Give back the records below verbatim, please, but without a single image.

START AVAILABLE RECORDS

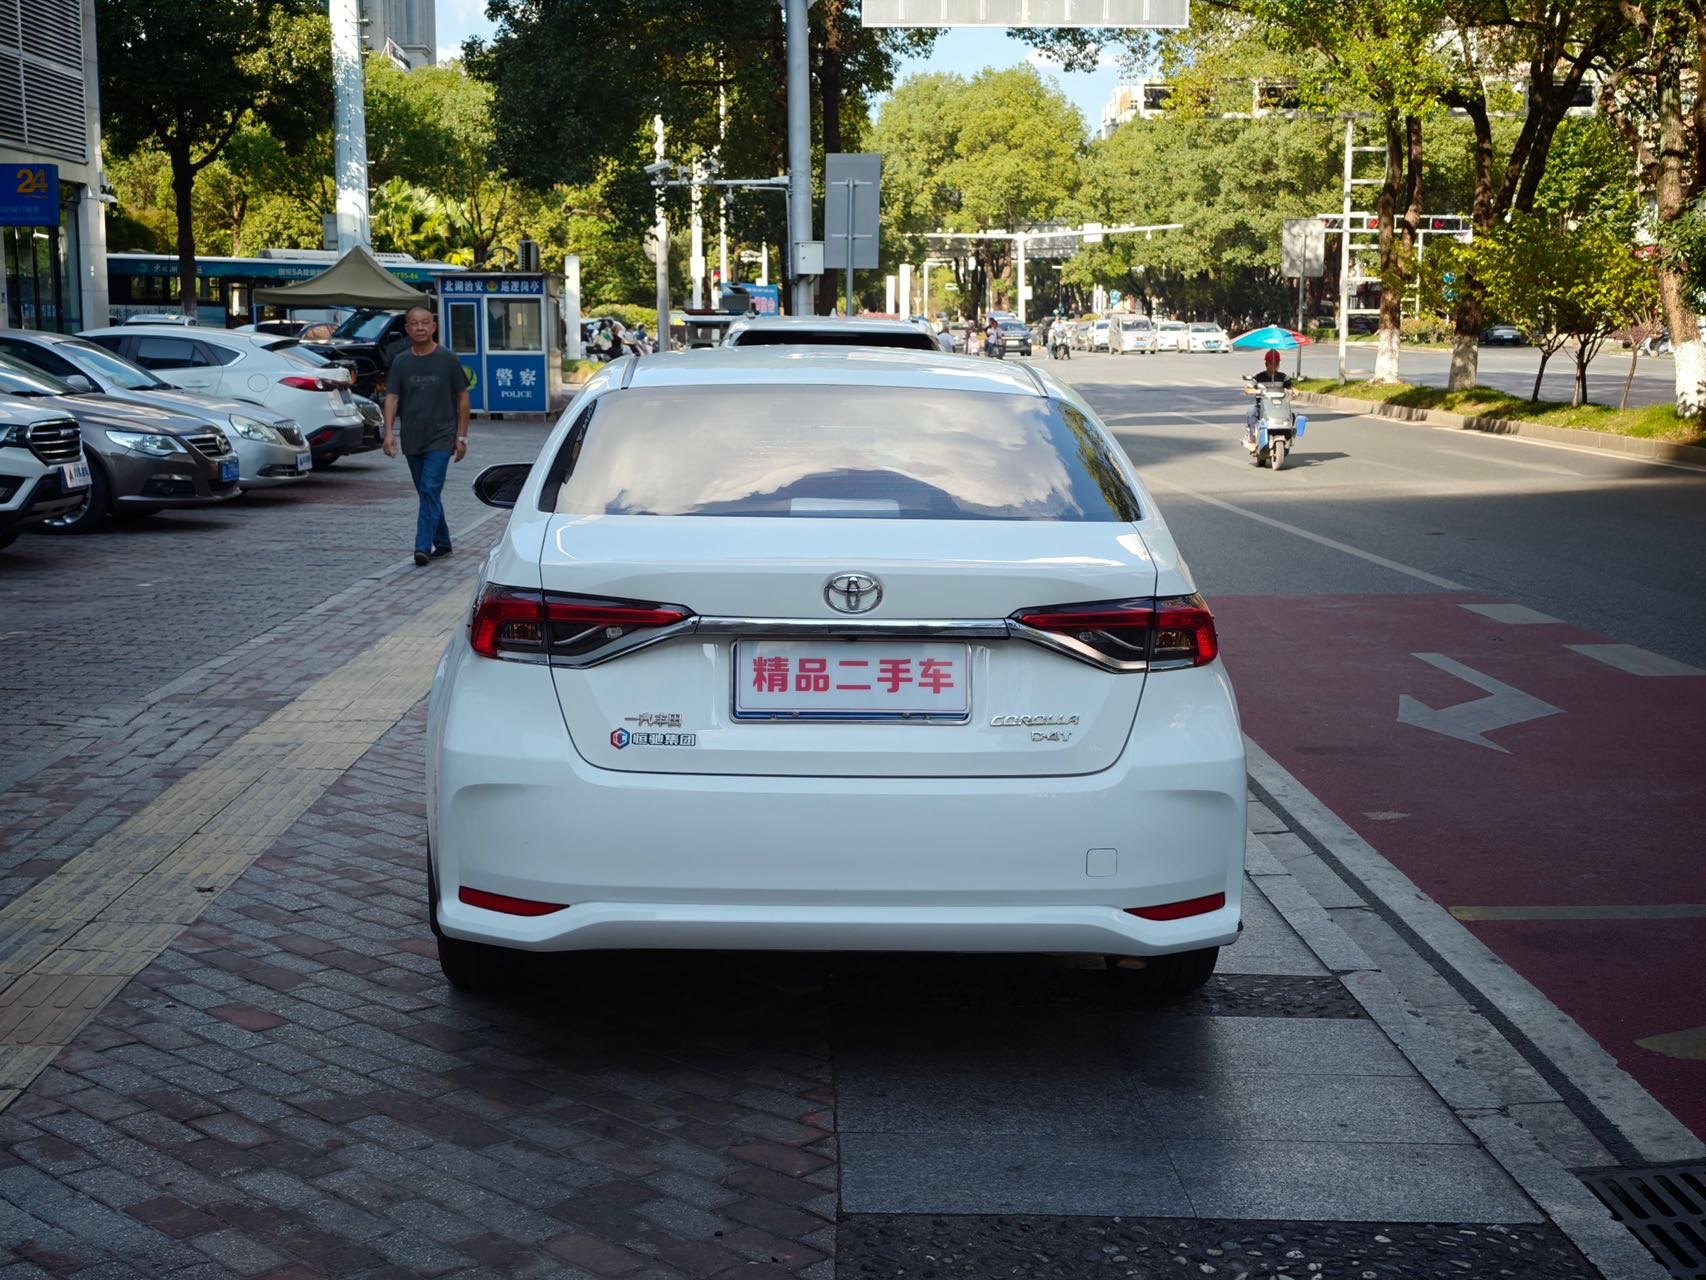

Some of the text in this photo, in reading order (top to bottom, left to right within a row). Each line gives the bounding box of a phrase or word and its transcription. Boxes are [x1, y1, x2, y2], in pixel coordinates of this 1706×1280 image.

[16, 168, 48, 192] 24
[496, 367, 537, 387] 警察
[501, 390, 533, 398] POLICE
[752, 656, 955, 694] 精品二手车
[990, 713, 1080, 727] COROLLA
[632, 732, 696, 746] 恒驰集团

END AVAILABLE RECORDS

> [WORKED SOLUTION]
Some of the text in this photo, in reading order (top to bottom, left to right within a row). Each line gives the bounding box of a phrase or word and its transcription. Boxes are [x1, y1, x2, y2], in pixel coordinates of this 1706×1280 image.

[16, 168, 48, 192] 24
[496, 367, 537, 387] 警察
[501, 390, 533, 398] POLICE
[752, 656, 955, 694] 精品二手车
[990, 713, 1080, 727] COROLLA
[632, 732, 696, 746] 恒驰集团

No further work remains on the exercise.